→ **TASK GOAL**
The answer must reproduce the listing exactly, with every picture left out.

→ **EXTRACTED INFORMATION**
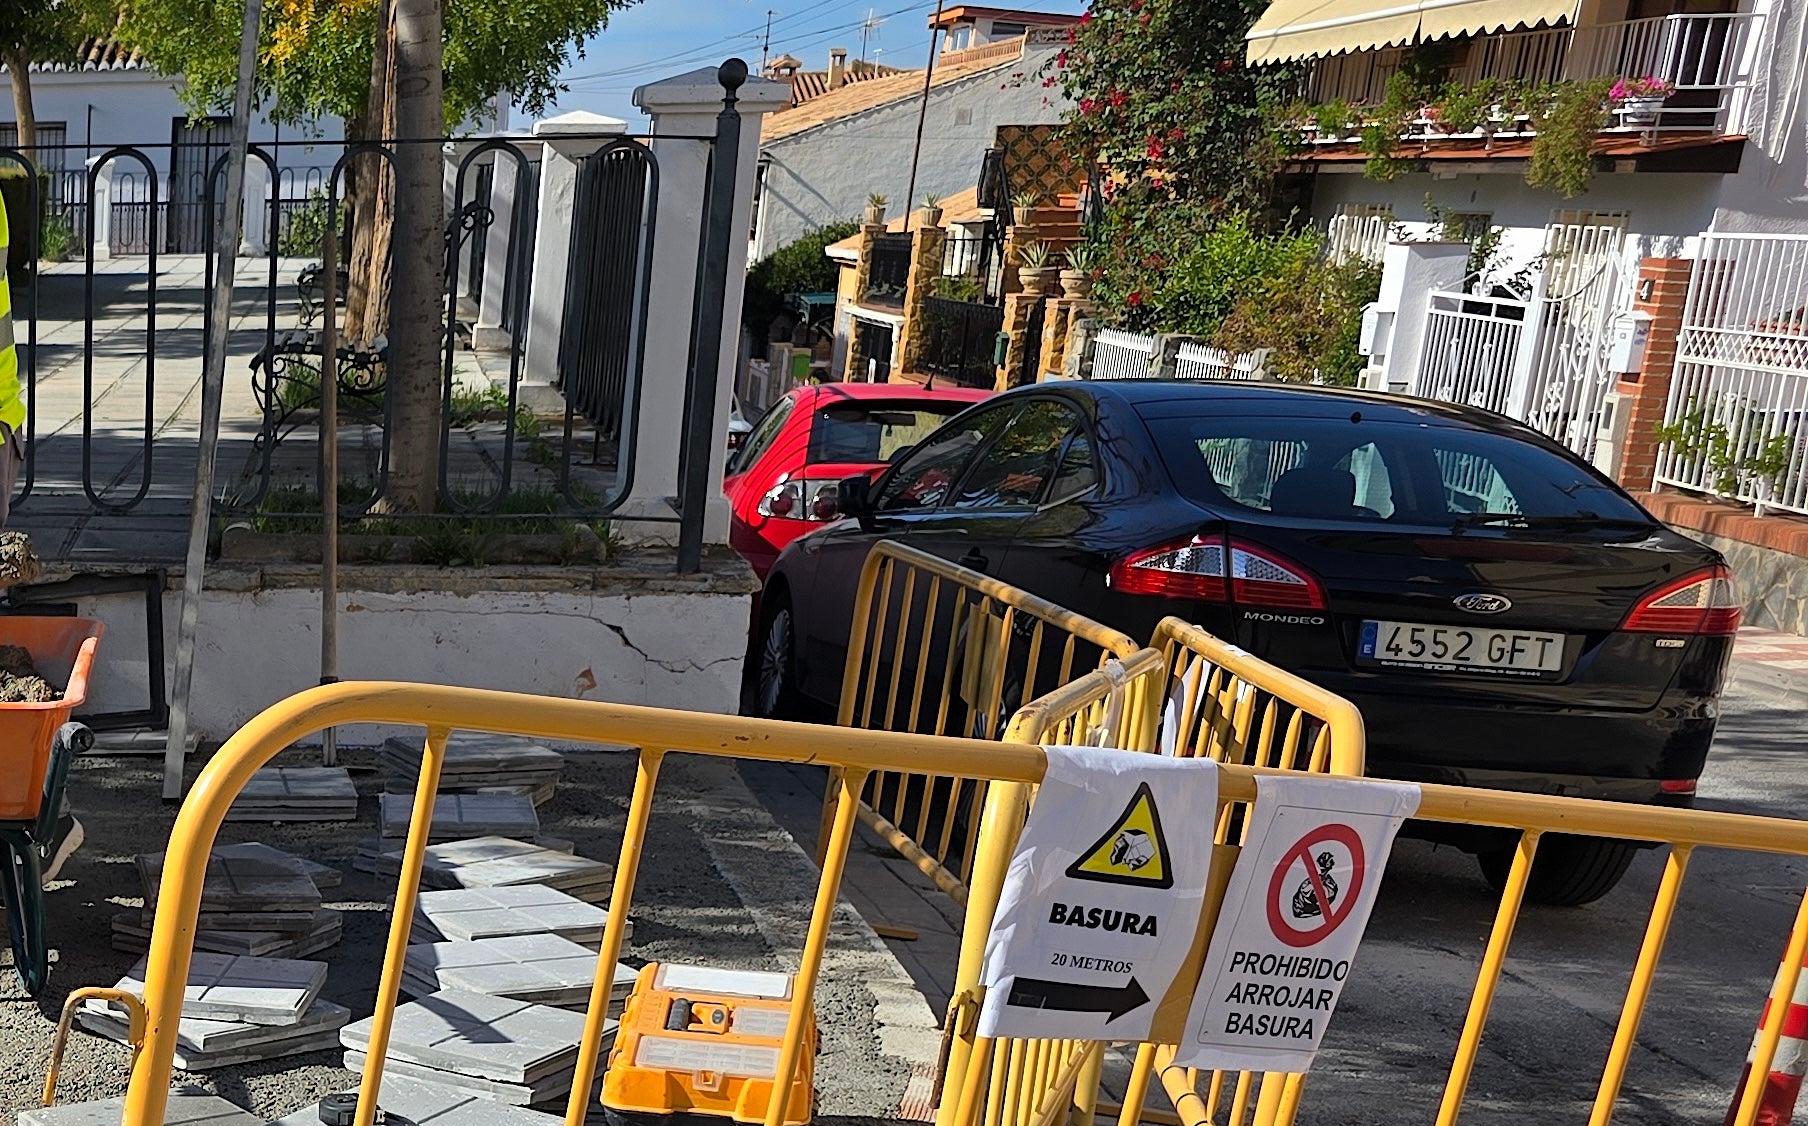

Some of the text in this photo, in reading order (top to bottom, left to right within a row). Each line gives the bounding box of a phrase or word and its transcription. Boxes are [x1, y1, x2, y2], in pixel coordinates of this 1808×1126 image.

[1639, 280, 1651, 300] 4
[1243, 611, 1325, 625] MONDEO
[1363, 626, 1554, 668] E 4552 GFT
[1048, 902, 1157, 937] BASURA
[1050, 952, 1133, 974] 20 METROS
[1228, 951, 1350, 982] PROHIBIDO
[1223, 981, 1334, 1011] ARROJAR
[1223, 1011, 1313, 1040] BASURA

→ **RESULT FOR THIS TASK**
Some of the text in this photo, in reading order (top to bottom, left to right within a row). Each line gives the bounding box of a phrase or word and its transcription. Boxes are [x1, y1, x2, y2], in pixel coordinates of this 1808×1126 image.

[1639, 280, 1651, 300] 4
[1243, 611, 1325, 625] MONDEO
[1363, 626, 1554, 668] E 4552 GFT
[1048, 902, 1157, 937] BASURA
[1050, 952, 1133, 974] 20 METROS
[1228, 951, 1350, 982] PROHIBIDO
[1223, 981, 1334, 1011] ARROJAR
[1223, 1011, 1313, 1040] BASURA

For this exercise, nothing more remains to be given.